The task.
Leaving out the pictures, transcribe all of the records faithfully.

[Opening Recorded information section]

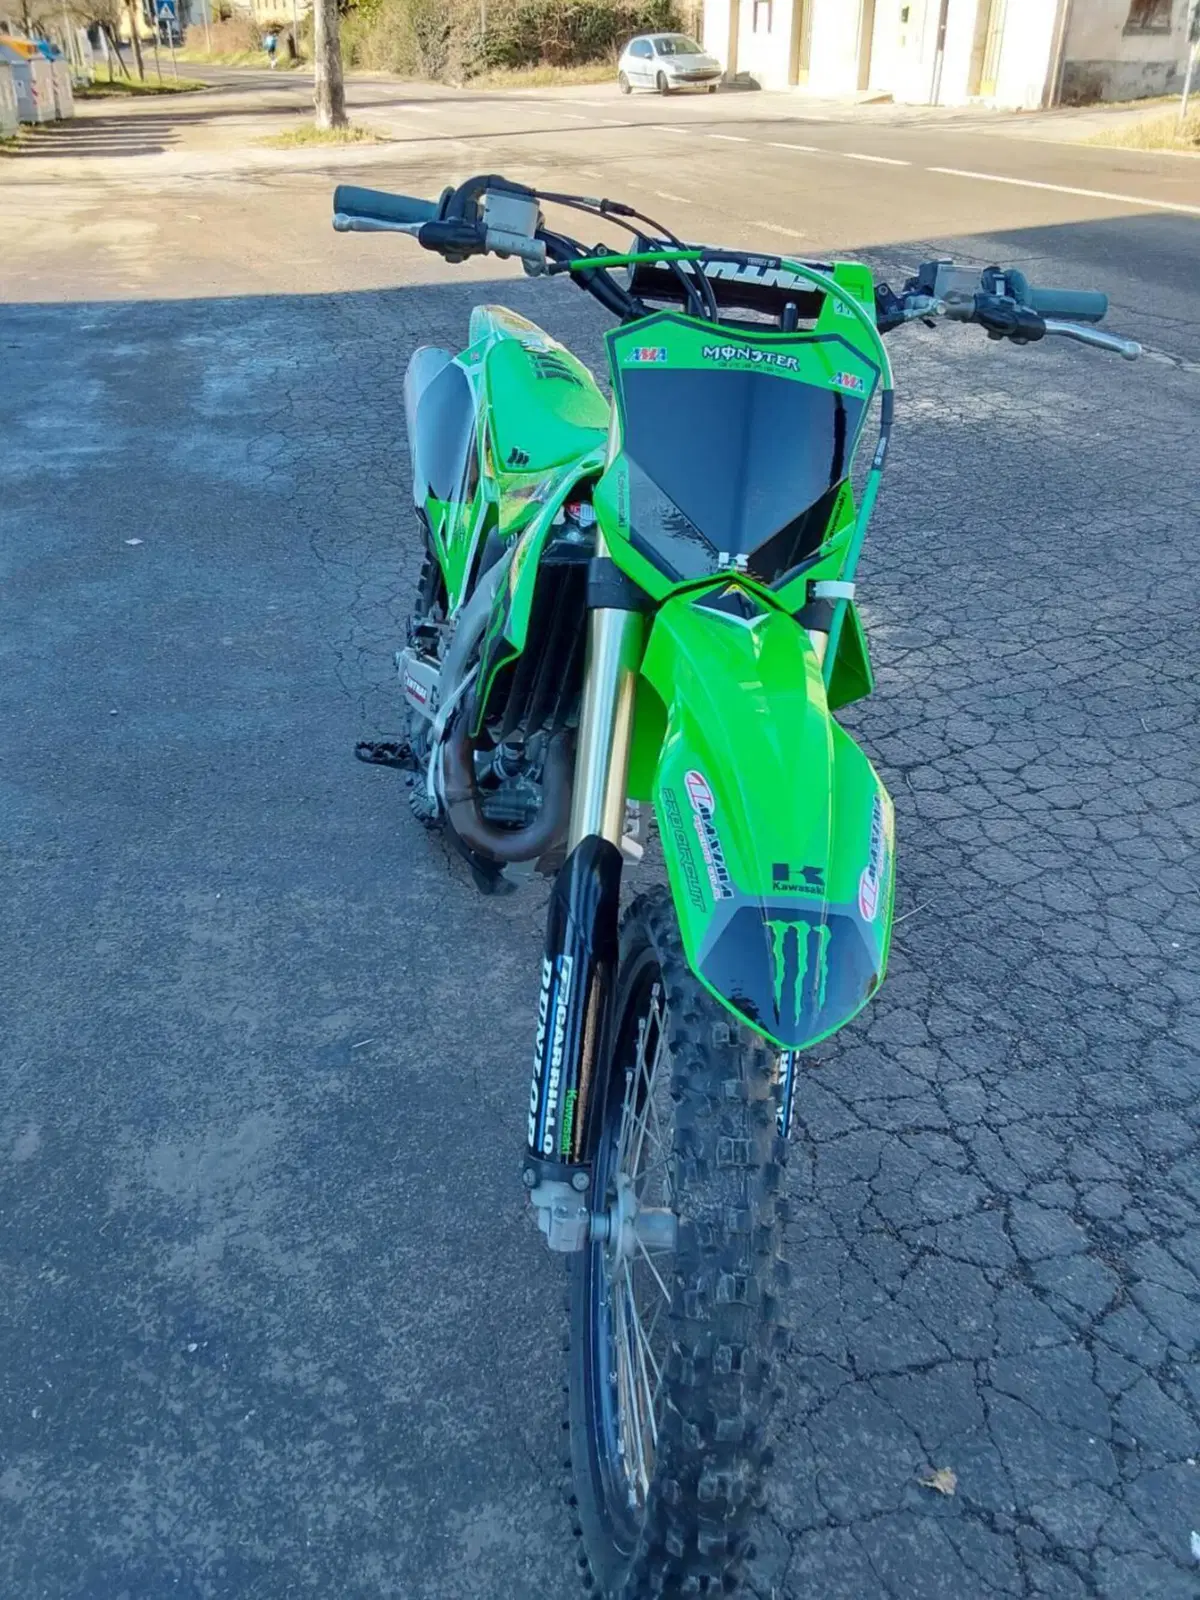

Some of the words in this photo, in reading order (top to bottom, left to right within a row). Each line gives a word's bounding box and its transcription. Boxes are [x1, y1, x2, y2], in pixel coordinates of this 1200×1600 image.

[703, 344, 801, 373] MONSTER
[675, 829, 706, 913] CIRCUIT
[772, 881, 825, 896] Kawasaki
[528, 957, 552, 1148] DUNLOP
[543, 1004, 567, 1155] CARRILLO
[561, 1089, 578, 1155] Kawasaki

[Closing Recorded information section]

Your solution.
Some of the words in this photo, in reading order (top to bottom, left to right within a row). Each line gives a word's bounding box and its transcription. Boxes are [x1, y1, x2, y2], in pixel coordinates of this 1200×1600 image.

[703, 344, 801, 373] MONSTER
[675, 829, 706, 913] CIRCUIT
[772, 881, 825, 896] Kawasaki
[528, 957, 552, 1148] DUNLOP
[543, 1004, 567, 1155] CARRILLO
[561, 1089, 578, 1155] Kawasaki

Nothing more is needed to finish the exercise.